Oxecta (made by King, which is owned by Pfizer) - contains excipients that make crushing the tablet into a powder difficult, instead causing it to break into chunks. When combined with water it forms a viscous gel making it nearly impossible to inject (at least not in a remotely safe manner). It also contains a nasal and respiratory irritant to make intranasal use unpleasant/unsafe. You obviously don't want to inject this one.

Roxicodone (made by Xanodyne) - The 5 mg Roxicodone tablets contain the inactive ingredients: microcrystalline cellulose and stearic acid. The 15 and 30 mg tablets contain the inactive ingredients: microcrystalline cellulose, sodium starch glycolate, corn starch, lactose, stearic acid, dye.

Generic oxycodone: There are many generics but here are 2 that I know of that contain the least number of inactives.

5mg, 15mg, 30mg tablets made by Mallinckrodt Pharmaceuticals - Inactive Ingredients: microcrystalline cellulose, lactose monohydrate, stearic acid (+ dye in the strengths over 5mg)

10mg, 15mg, 20mg, 30mg tablets made by Ethex - Inactive Ingredients: magnesium stearate, microcrystalline cellulose, silicon dioxide, stearic acid (+ dye in certain strengths)

Now I have no personal experience with injecting the above mentioned pills, but as far as I've heard they shouldn't gel up. Did you find the Roxies were gelling up? A micron filter is extremely important when you are injecting pills, in order to filter out as much of the inactives as possible, as even some of the inactives contained in those generics are not healthy to be injecting. Let me know if you want detailed info on the risks of injecting specific inactives.

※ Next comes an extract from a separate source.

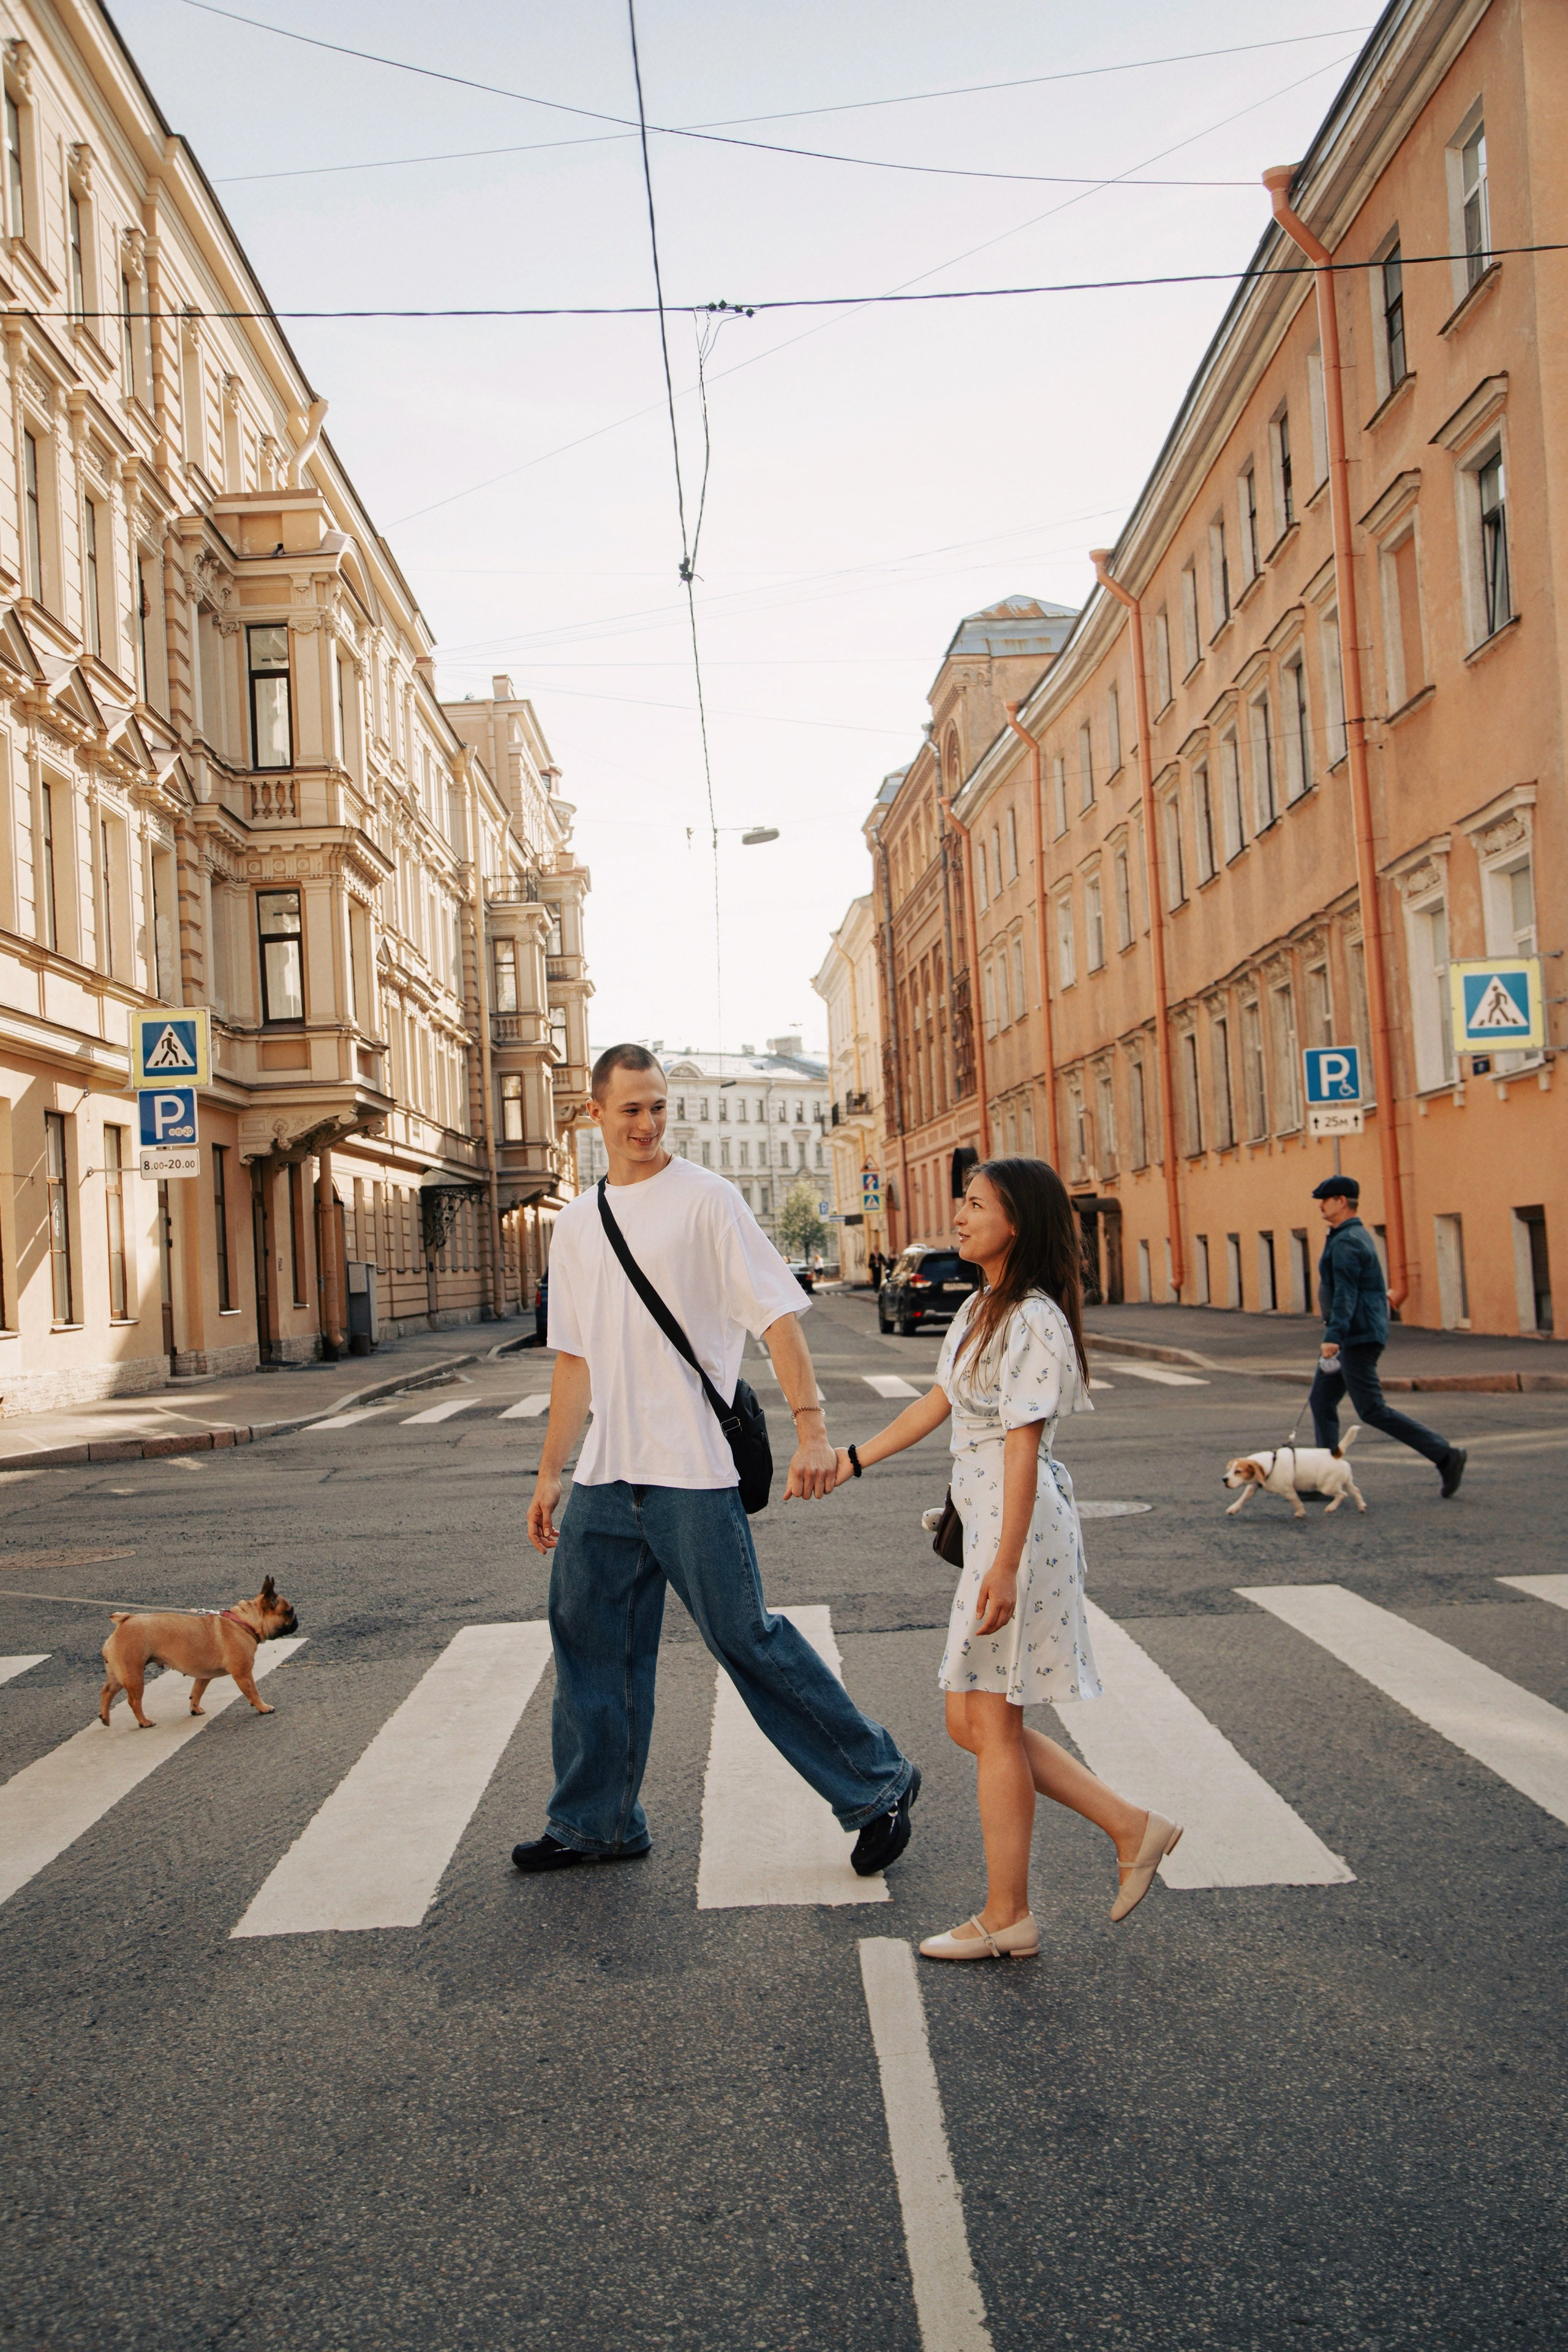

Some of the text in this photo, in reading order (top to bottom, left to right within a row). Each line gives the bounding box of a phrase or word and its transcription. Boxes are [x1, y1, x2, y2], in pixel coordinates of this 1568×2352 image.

If you were meaning some type of ER oxy then that is a whole other ballgame.
 
Last edited:
No disrespect intended...but I have to agree with pillboxskid...I AM IN REAL PAIN...AS ARE MANY OF US ON HERE...dont get me wrong...I also have used IV out of necessity to relieve pain...but like he said....we are.the ones who suffer due to the attitudes of othe PM patients....
 
Just wanted to thank you for this info...Im on Oxycontin...and IR oxycodone for breakthrough...and you are ABSOLUTELY CORRECT when you said that taking something BEFORE pain gets really bad is best....For me....I start to withdraw AS SOON AS MY OXYCONTIN WEARS OFF....and like alot of others...when I get low or run out of breakthtough meds...its AWFUL becuse these new OP oxycontin just stink!!!!!!